- Also known as: Mr. Fingers; Loosefingers; Gherkin Jerks; Trio Zero;
- Born: Larry Heard May 31, 1960 (age 66) Chicago, Illinois, U.S.
- Genres: Chicago house; deep house; electronic;
- Occupations: DJ; record producer;
- Years active: 1983–present
- Labels: Trax; D.J. International; MCA; Black Market International; Allevated;

= Larry Heard =

American DJ, record producer and musician (born 1960)

Larry Heard (born May 31, 1960) is an American DJ, record producer, and musician who has recorded under various names, most notably Mr. Fingers. He is widely known as a pioneering figure in 1980s house music, and was leader of the influential group Fingers Inc., whose 1988 album Another Side was the first long-form house LP. He is regarded as a progenitor of the deep house subgenre, bridging the gap between the futurism of house and the lush sound of disco. His landmark 1986 single "Can You Feel It" would be a major influence on dance music.

==Early life==
Born on the South Side of Chicago, Heard grew up hearing jazz and Motown at home, and could play several instruments from a young age. Before beginning his solo musical career in 1983, he was the drummer, at the age of 17, in the band Infinity (a jazz fusion cover group that included Adonis). He is sometimes cited as having been a member of the Manhattan Transfer, but Heard has denied this, saying, "[I] filled in for somebody on one show." He also worked for the US government as a benefit authorizer, which enabled him to buy his first pieces of studio equipment.

==Musical career==
As a drummer with live bands, Heard's creativity was suppressed by the nature of his role. According to Heard, “I guess it wasn’t customary for the drummer to have musical ideas…I ended up having to buy my own synthesizer and a drum machine”. Within days of purchasing a Roland Juno-60 synthesizer and TR-909 drum machine in 1984, Heard had recorded three tracks that would become milestones in the deep house genre: "Can You Feel It", "Mystery of Love", and "Washing Machine." Despite initially not having a connection to Chicago's club scene, he eventually met singer and DJ Robert Owens at a party and the two formed the group Fingers Inc. along with singer/dancer Ron Wilson. The group would release the double LP Another Side in 1988. Around this time, Heard also began releasing solo singles as Mr. Fingers on Trax Records and DJ International. At the end of the decade, Trax released Ammnesia (1989), which compiled Heard's early tracks; it was released without Heard's permission. Heard reissued the album in 2022 on his own Alleviated label, marking its first authorized release. In 1989, Heard contributed to the debut album by producer Lil' Louis.

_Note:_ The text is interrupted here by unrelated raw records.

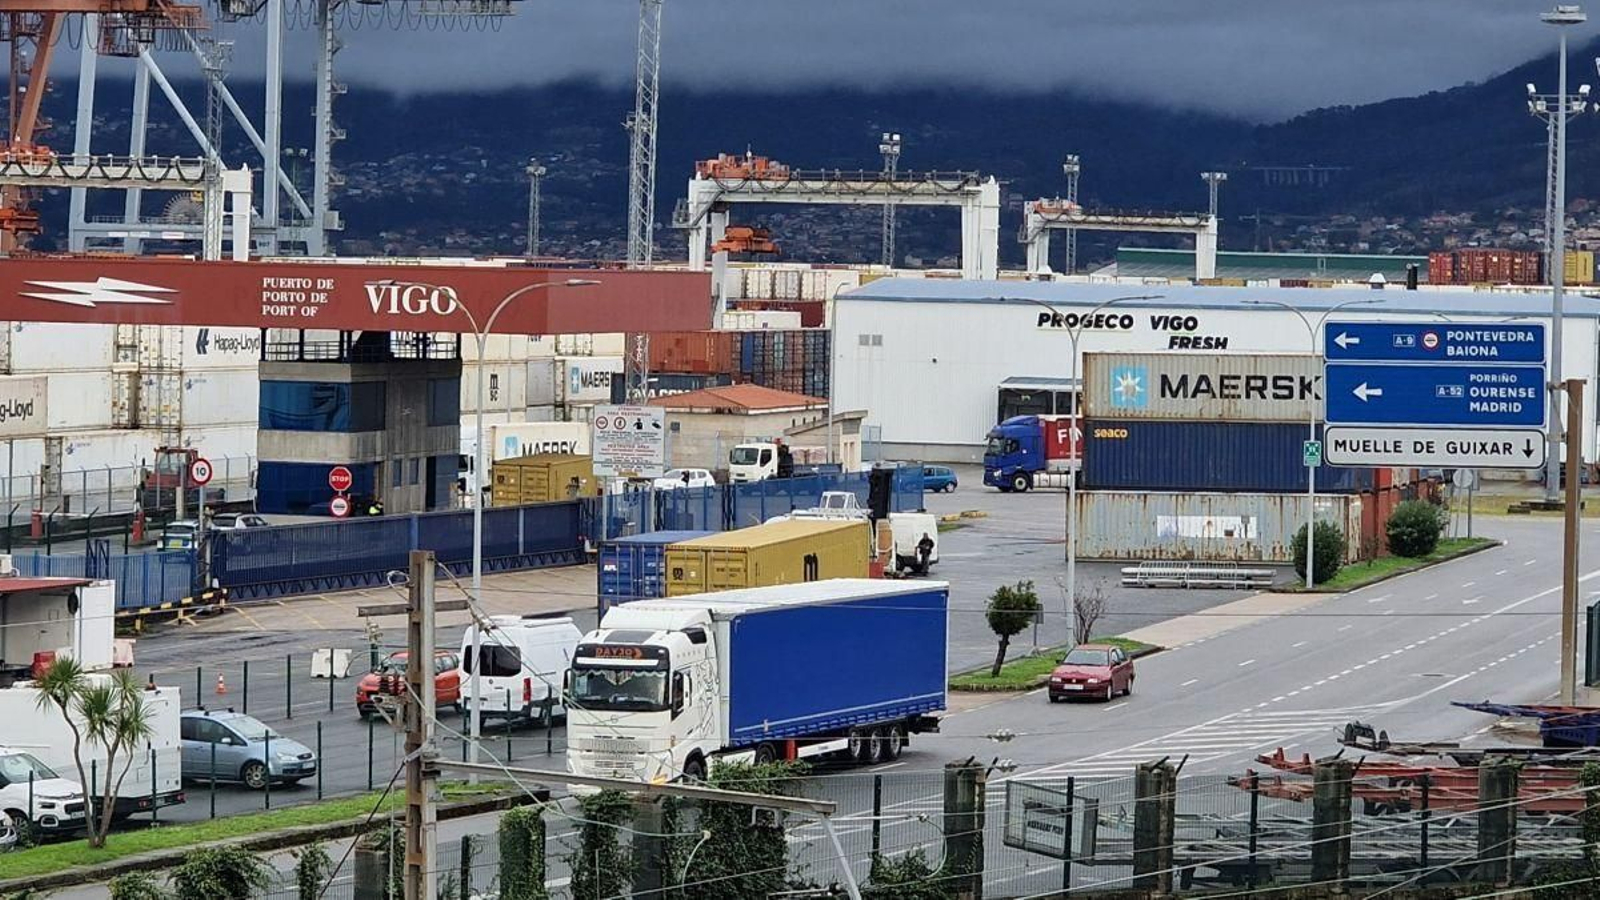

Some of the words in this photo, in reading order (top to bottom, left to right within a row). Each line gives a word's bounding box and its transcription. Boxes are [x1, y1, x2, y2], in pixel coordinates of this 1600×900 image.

[263, 277, 312, 289] PUERTO
[316, 278, 334, 289] DE
[262, 291, 306, 303] PORTO
[310, 292, 328, 303] DE
[365, 284, 457, 315] VIGO
[262, 304, 297, 316] PORT
[300, 306, 319, 317] OF
[1037, 312, 1134, 330] PROGECO
[1150, 315, 1199, 331] VIGO
[1446, 330, 1535, 342] PONTEVEDRA
[213, 333, 260, 355] Hapag-Lloyd
[1168, 335, 1229, 350] FRESH
[1446, 345, 1498, 356] BAIONA
[581, 370, 617, 389] MAERS
[1469, 372, 1518, 383] PORRIÑO
[1160, 373, 1322, 401] MAERSK
[1438, 386, 1463, 396] A-52
[1469, 386, 1536, 398] OURENSE
[1469, 402, 1522, 413] MADRID
[1094, 428, 1128, 438] seaco
[1334, 439, 1403, 453] MUELLE
[1413, 440, 1436, 454] DE
[1445, 441, 1513, 456] GUIXAR
[195, 467, 206, 477] 10
[331, 475, 349, 483] STOP

In 1990, he recorded an album with Harry Dennis as The It before setting out on his own, signing with MCA Records as a solo act in 1991 and releasing his first official Mr. Fingers album Introduction in 1992 to international success. After the label interfered with the production of his Mr. Fingers follow-up album "Back To Love", he released the less dance-oriented album Sceneries Not Songs, Vol. 1 in 1994 under his given name. He continues to record, releasing the Mr. Fingers album Leev Ur Mynd in 2026. Much of Heard's music has been released and re-released under different names, including Loosefingers, Fingers, House Factors, and Trio Zero.

==Discography==

=== as Mr. Fingers ===

==== Studio albums ====
- Ammnesia (1989)
- Introduction (1992)
- Back to Love (1994)
- Cerebral Hemispheres (2018)
- Around the Sun, Pt.1 (2022)
- Around the Sun, Pt.2 (2023)
- Leev Ur Mynd (2026)

====Compilations====
- Classic Fingers (1995)

==== EPs ====

- 6 Tack E.P. (1988)
- Mr. Fingers 2 (1991)

==== Singles ====

- "Mystery of Love" (1985)
- "Washing Machine" (1986)
- "Slam Dance" (1987)
- "What About This Love" (1989)
- "Ammnesia" (1989)
- "Love and Juice" (1989)
- "Closer" (1992)
- "On My Way" (1992)
- "On a Corner Called Jazz" (1992)
- "Dead End Alley" (1992)
- "I Need You" (1994)

=== as Larry Heard ===

====Studio albums====

- Sceneries Not Songs Volume One (1994)
- Sceneries Not Songs Volume Tu (1995)
- Alien (1996)
- Dance 2000 (1997)
- Dance 2000 Part 2 (1998)
- Genesis (1999)
- Love's Arrival (2001)
- Where Life Begins (2003)
- Loose Fingers: Soundtrack from the Duality Double-Play (2005)

====EPs====
- The Calm & Chaos EP (1997)
- Dance 2000: The Glasgow Connection (1998)
- Dance 2000: The Chicago Connection (1999)
- 25 Years from Alpha (2008)
- Distance Revisited EP (2012)

====Singles====
- "Black Oceans" (1994)
- "Missing You" (2000)
- "Direct Drive" / "Time Machine" (2001)
- "Another Night (Re-Edit)" (2001)
- "Praise" (2002)
- "Space Jungle" (2003)
- "Reminisce" (2003)
- "Evening Dance" (2003)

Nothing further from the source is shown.